◆ Assignment ◆
Every line below needs to be transcribed without alteration, and no image may be carried over.

◆ The input ◆

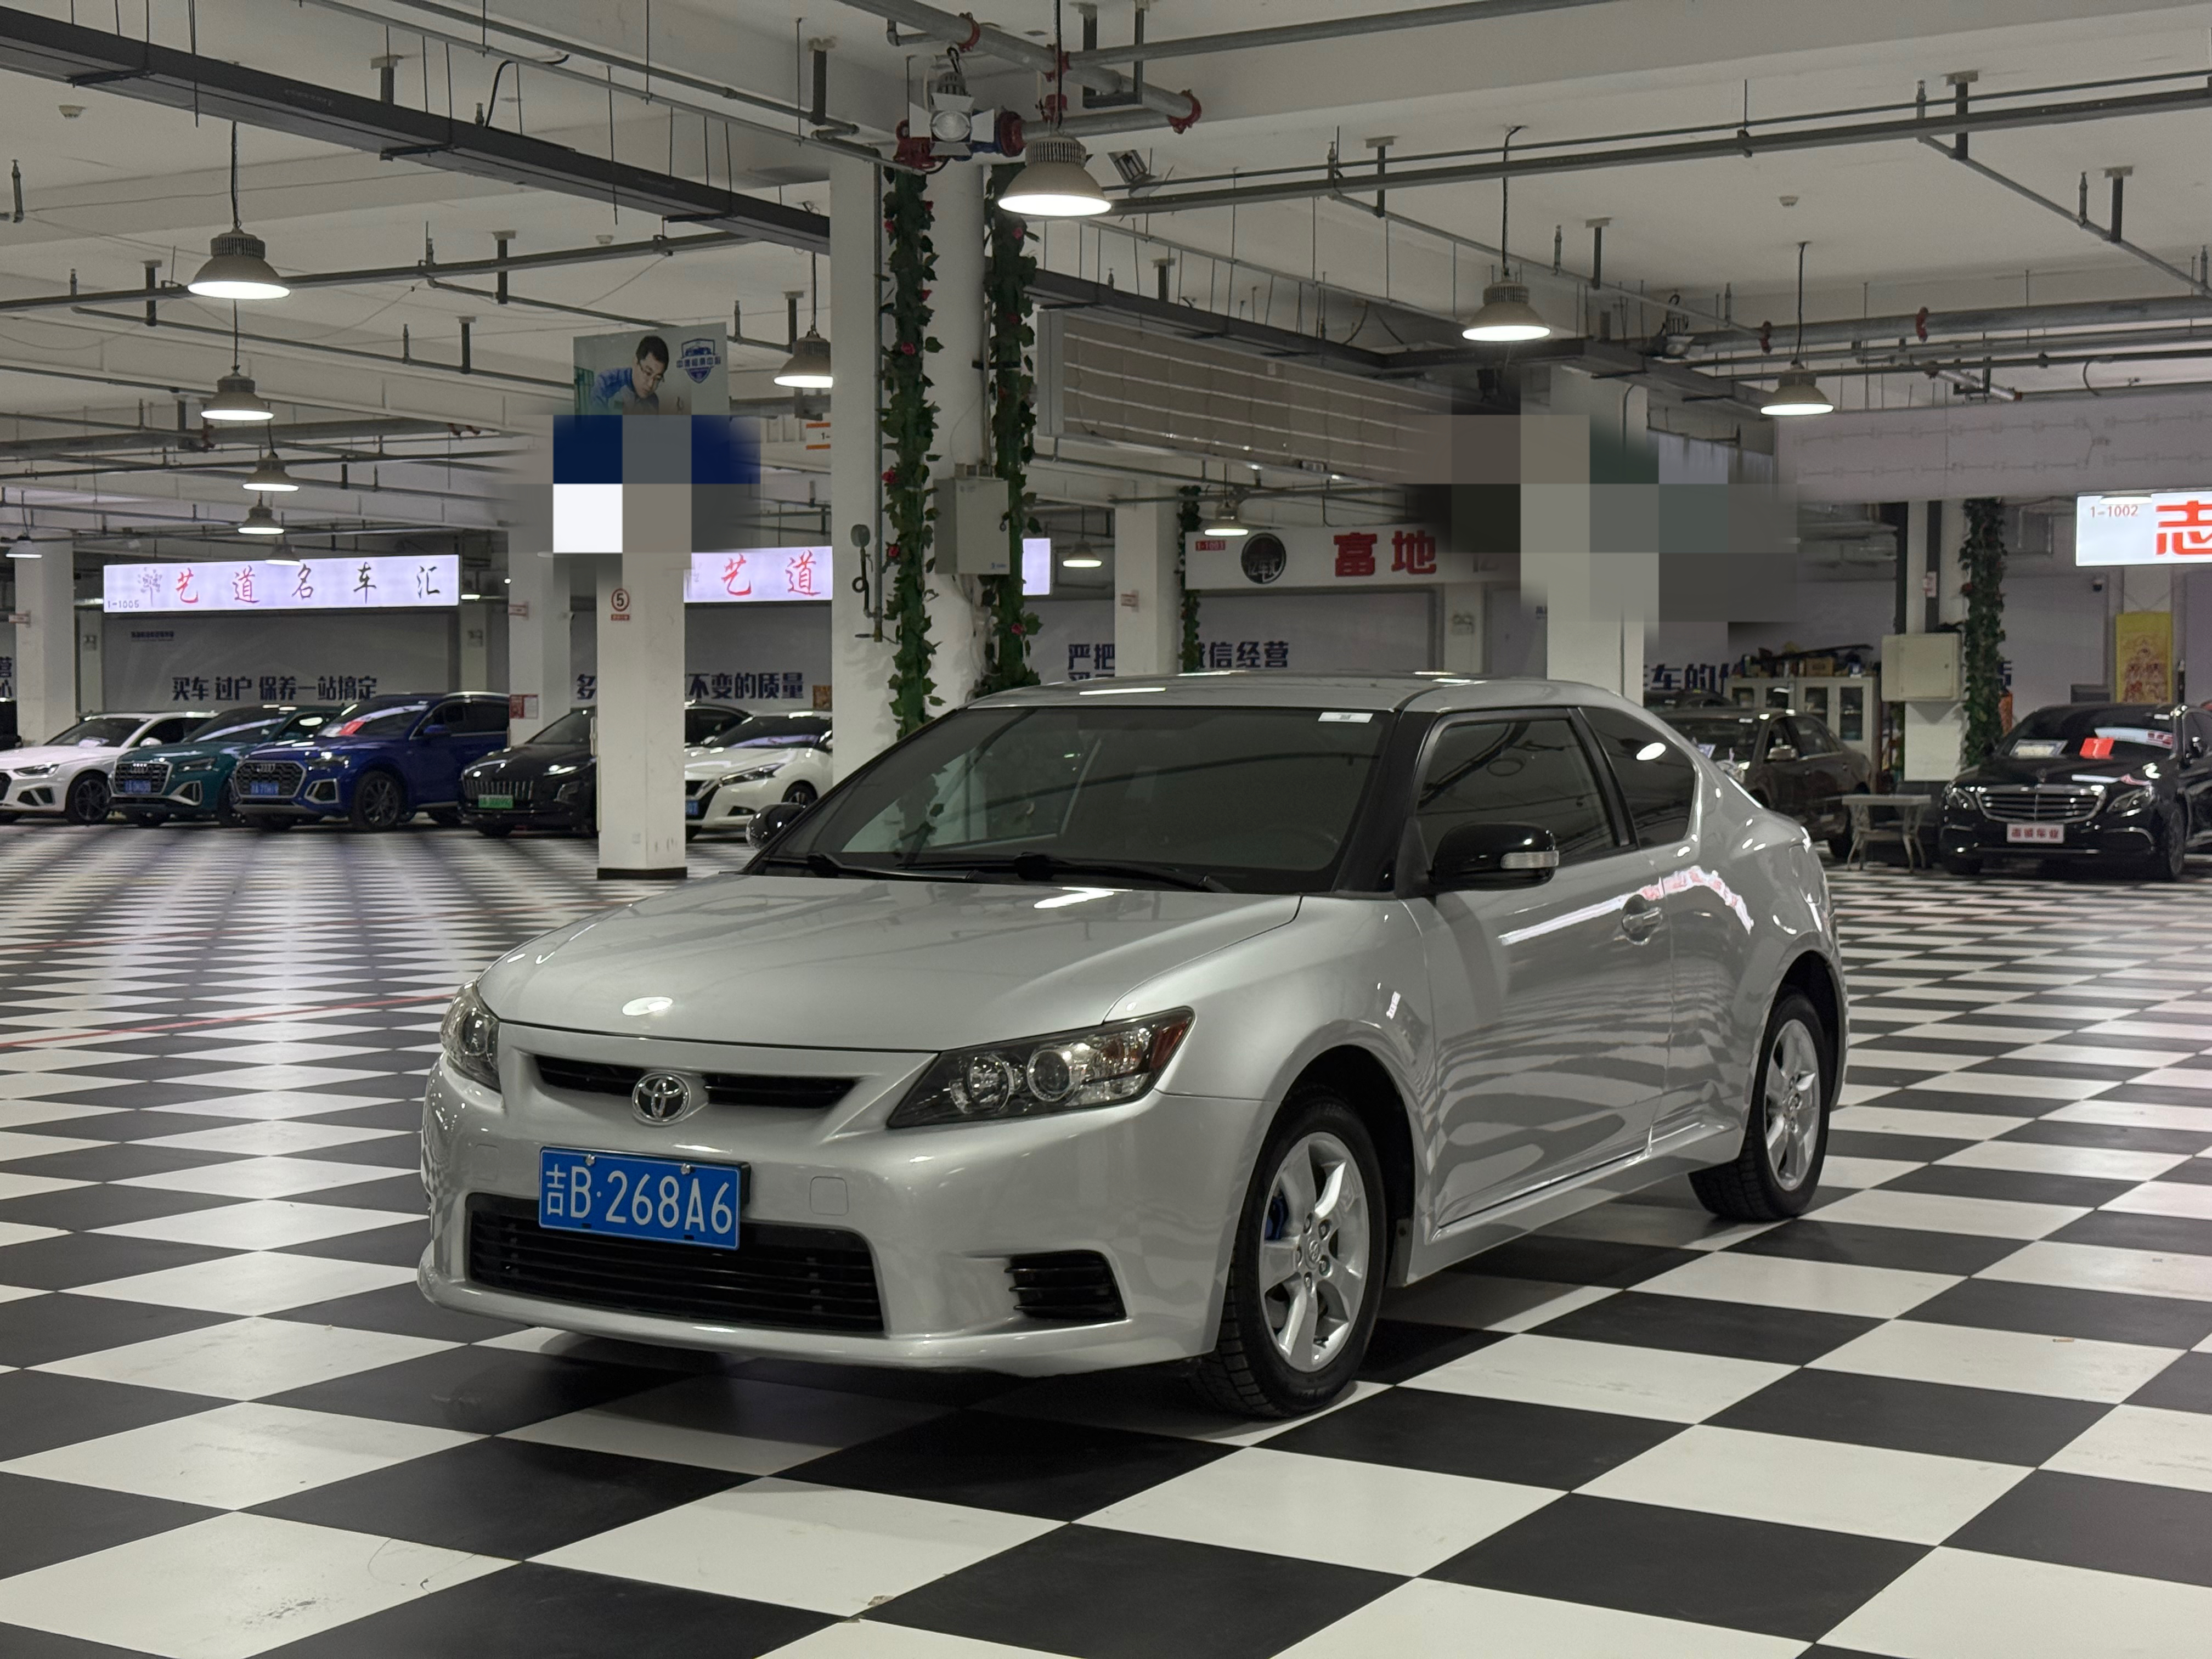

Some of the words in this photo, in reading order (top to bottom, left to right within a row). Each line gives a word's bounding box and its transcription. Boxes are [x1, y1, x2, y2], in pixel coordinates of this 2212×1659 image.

[2090, 505, 2138, 518] 1-1002
[1333, 530, 1437, 577] 富地
[176, 562, 440, 604] 艺道名车汇
[721, 550, 821, 596] 艺道
[108, 600, 139, 608] 1-1005
[617, 592, 624, 607] 5
[172, 676, 209, 701] 买车
[215, 676, 252, 701] 过户
[259, 675, 377, 701] 保养一站搞定
[688, 672, 804, 699] 不变的质量

◆ Answer space ◆
Some of the words in this photo, in reading order (top to bottom, left to right within a row). Each line gives a word's bounding box and its transcription. Boxes are [x1, y1, x2, y2], in pixel coordinates of this 2212×1659 image.

[2090, 505, 2138, 518] 1-1002
[1333, 530, 1437, 577] 富地
[176, 562, 440, 604] 艺道名车汇
[721, 550, 821, 596] 艺道
[108, 600, 139, 608] 1-1005
[617, 592, 624, 607] 5
[172, 676, 209, 701] 买车
[215, 676, 252, 701] 过户
[259, 675, 377, 701] 保养一站搞定
[688, 672, 804, 699] 不变的质量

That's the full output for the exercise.